- Try it: Make an exact copy, from the records below, of the lines from the line containing "this 1477×1315 image." to the line containing "this 1600×1200 image.", both lines included, excluding pictures.

== Data records ==

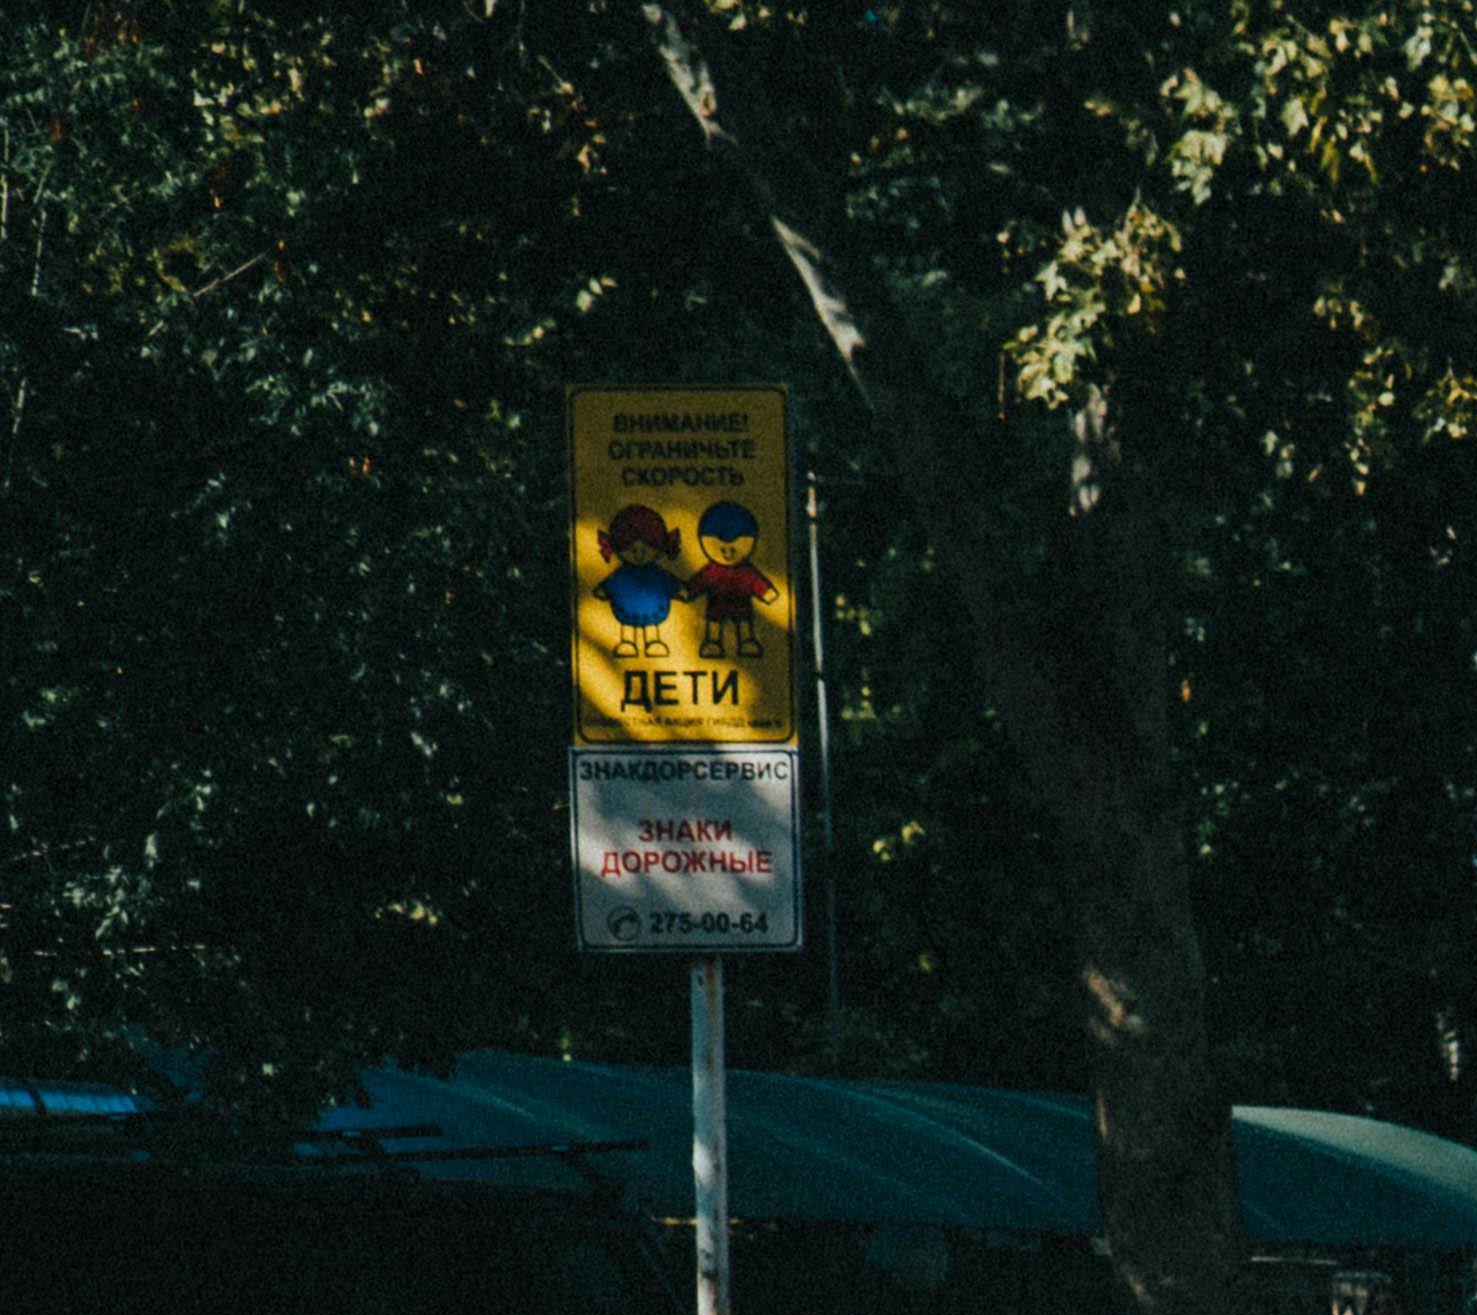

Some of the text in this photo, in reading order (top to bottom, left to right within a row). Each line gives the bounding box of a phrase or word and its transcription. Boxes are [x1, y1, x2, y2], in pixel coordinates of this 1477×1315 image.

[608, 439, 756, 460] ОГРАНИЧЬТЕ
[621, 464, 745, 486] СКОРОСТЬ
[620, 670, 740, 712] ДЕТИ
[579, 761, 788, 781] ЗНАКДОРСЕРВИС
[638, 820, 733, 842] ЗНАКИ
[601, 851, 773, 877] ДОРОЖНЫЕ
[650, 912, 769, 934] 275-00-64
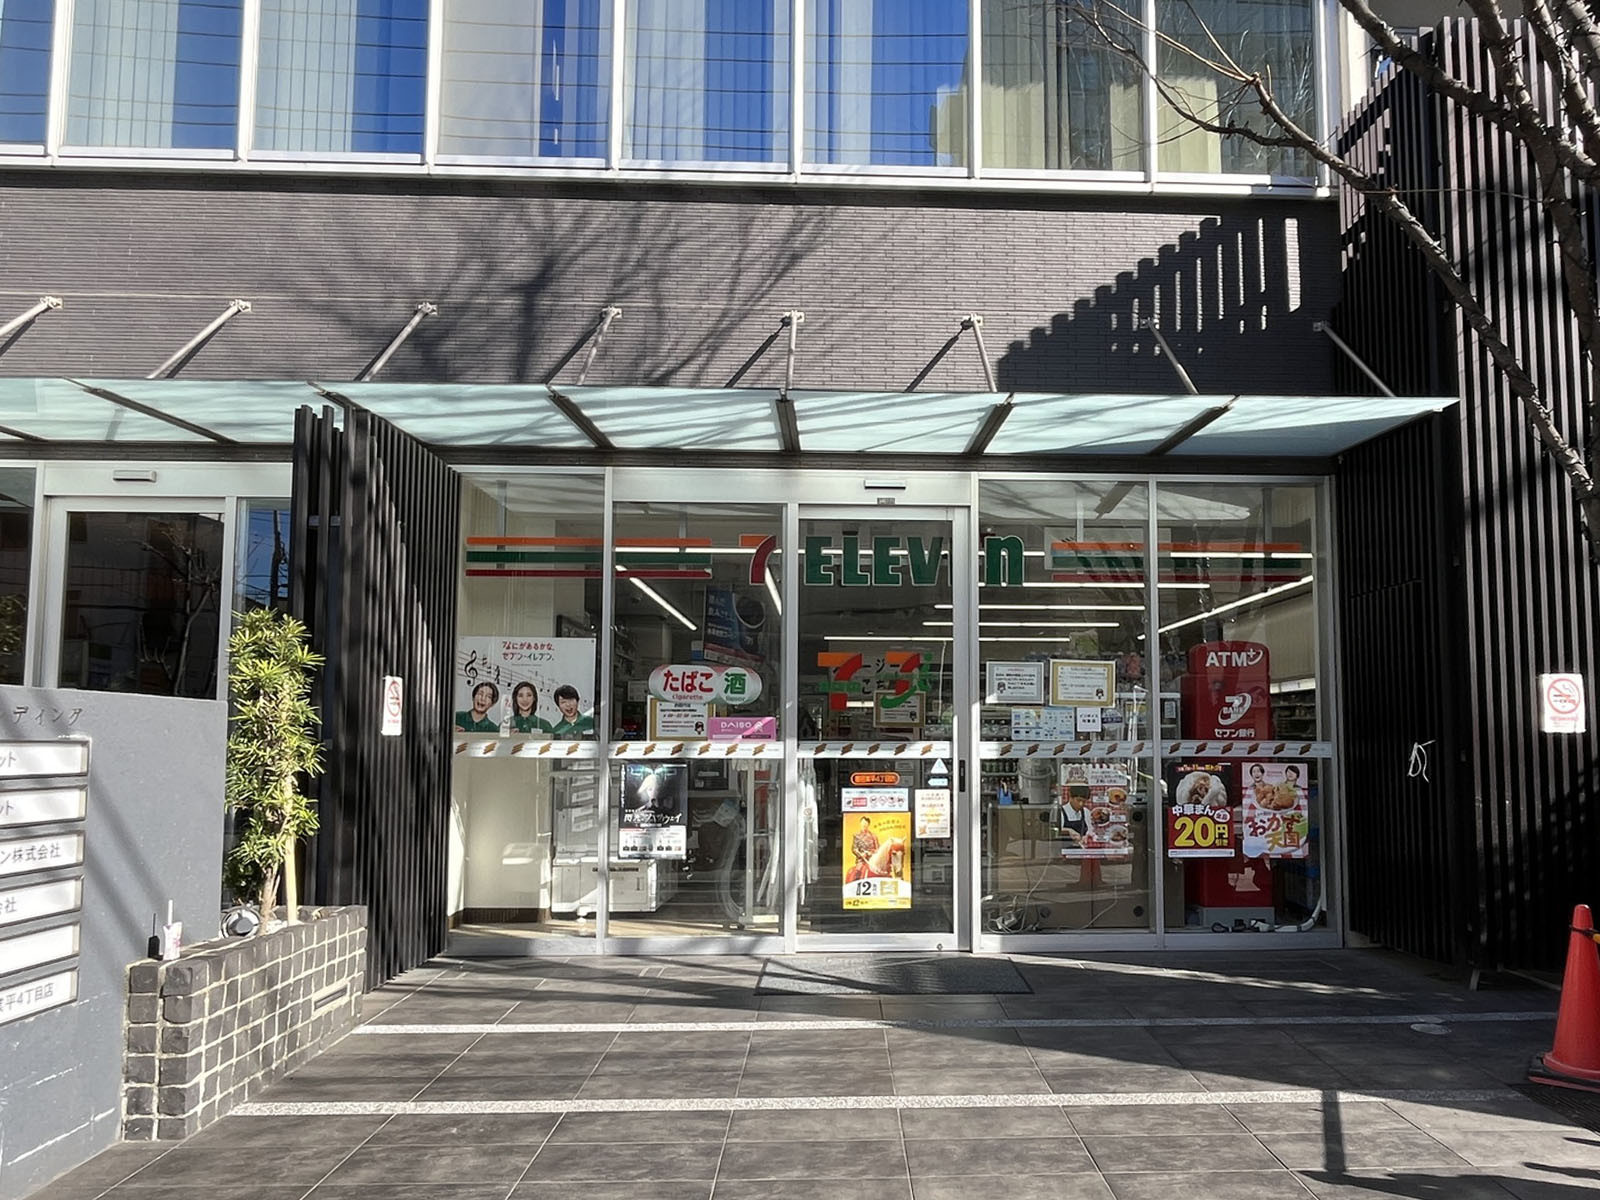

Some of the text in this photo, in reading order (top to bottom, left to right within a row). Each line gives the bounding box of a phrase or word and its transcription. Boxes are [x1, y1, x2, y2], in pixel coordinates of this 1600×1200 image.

===
== Data records ==

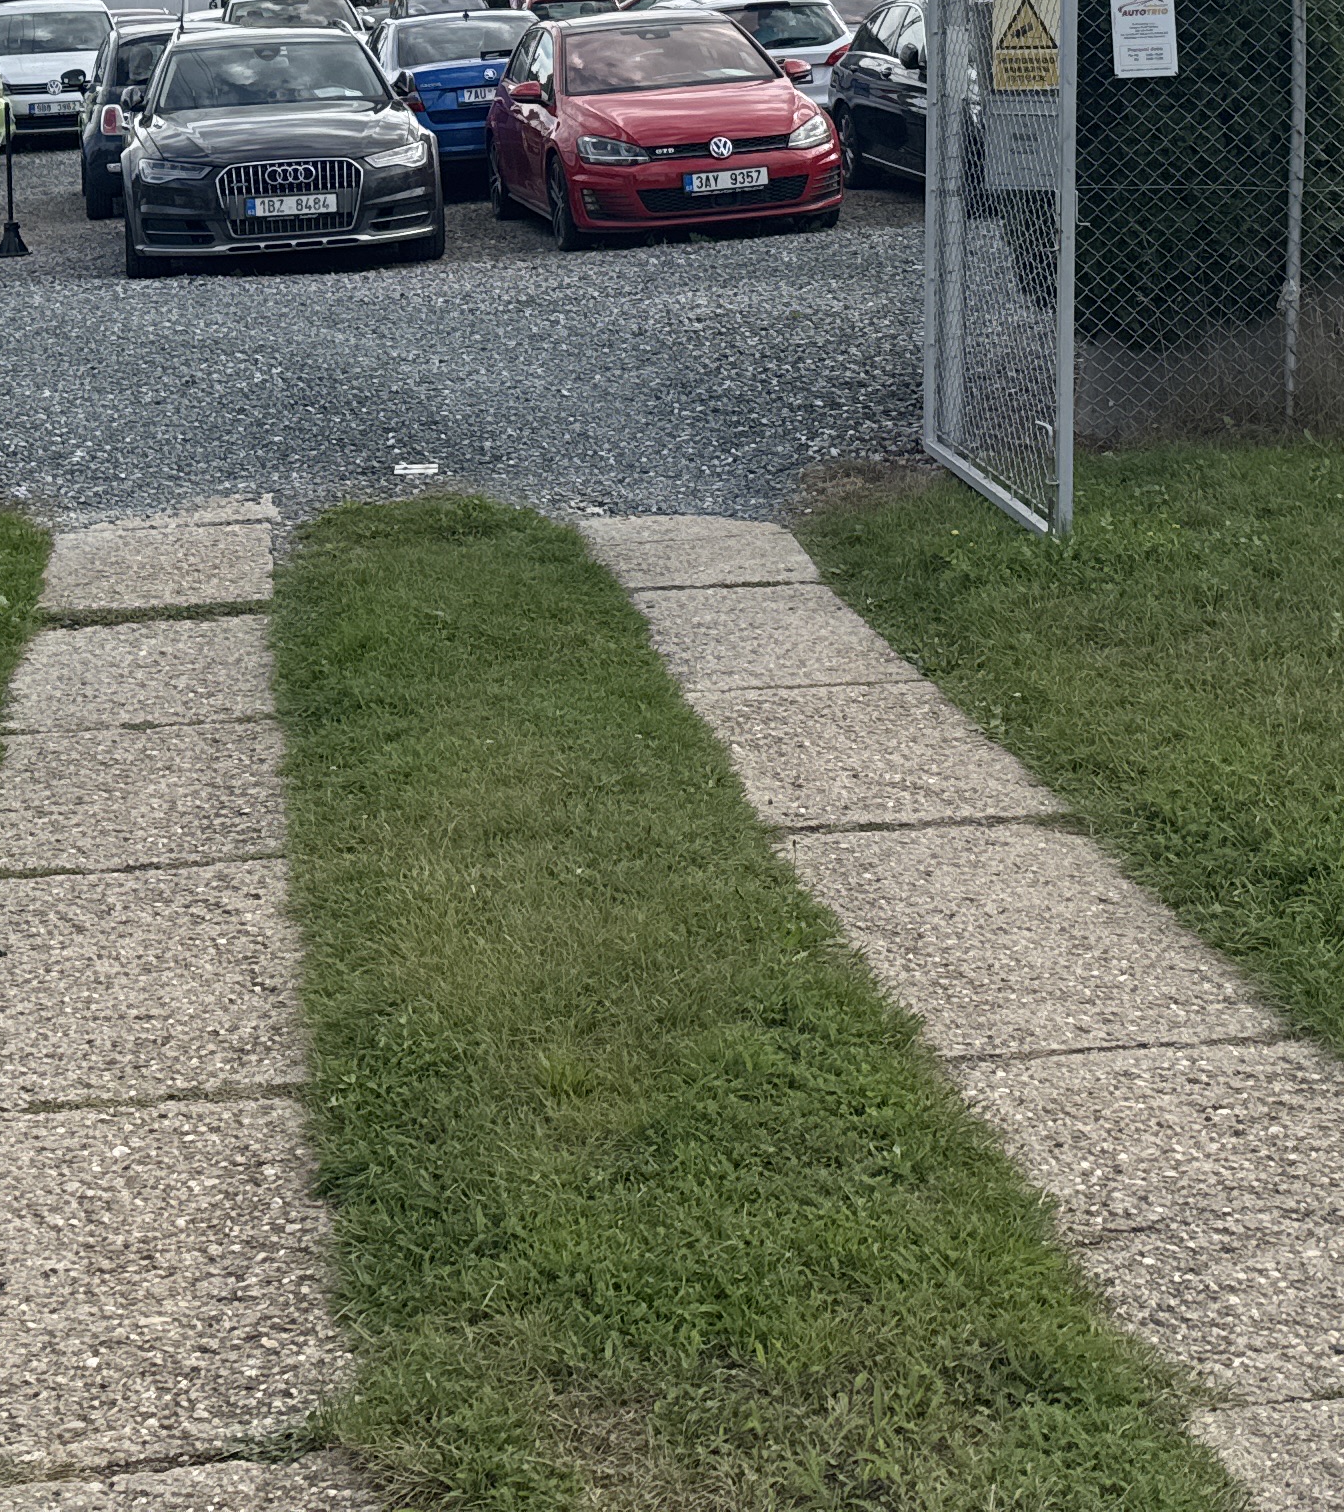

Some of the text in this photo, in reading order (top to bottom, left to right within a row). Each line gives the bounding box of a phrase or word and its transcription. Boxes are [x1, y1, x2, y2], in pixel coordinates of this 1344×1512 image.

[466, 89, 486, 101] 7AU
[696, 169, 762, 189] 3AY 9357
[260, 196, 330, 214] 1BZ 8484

===

- Task result:
Some of the text in this photo, in reading order (top to bottom, left to right within a row). Each line gives the bounding box of a phrase or word and its transcription. Boxes are [x1, y1, x2, y2], in pixel coordinates of this 1477×1315 image.

[608, 439, 756, 460] ОГРАНИЧЬТЕ
[621, 464, 745, 486] СКОРОСТЬ
[620, 670, 740, 712] ДЕТИ
[579, 761, 788, 781] ЗНАКДОРСЕРВИС
[638, 820, 733, 842] ЗНАКИ
[601, 851, 773, 877] ДОРОЖНЫЕ
[650, 912, 769, 934] 275-00-64

Some of the text in this photo, in reading order (top to bottom, left to right within a row). Each line gives the bounding box of a phrase or word and its transcription. Boxes are [x1, y1, x2, y2], in pixel coordinates of this 1600×1200 image.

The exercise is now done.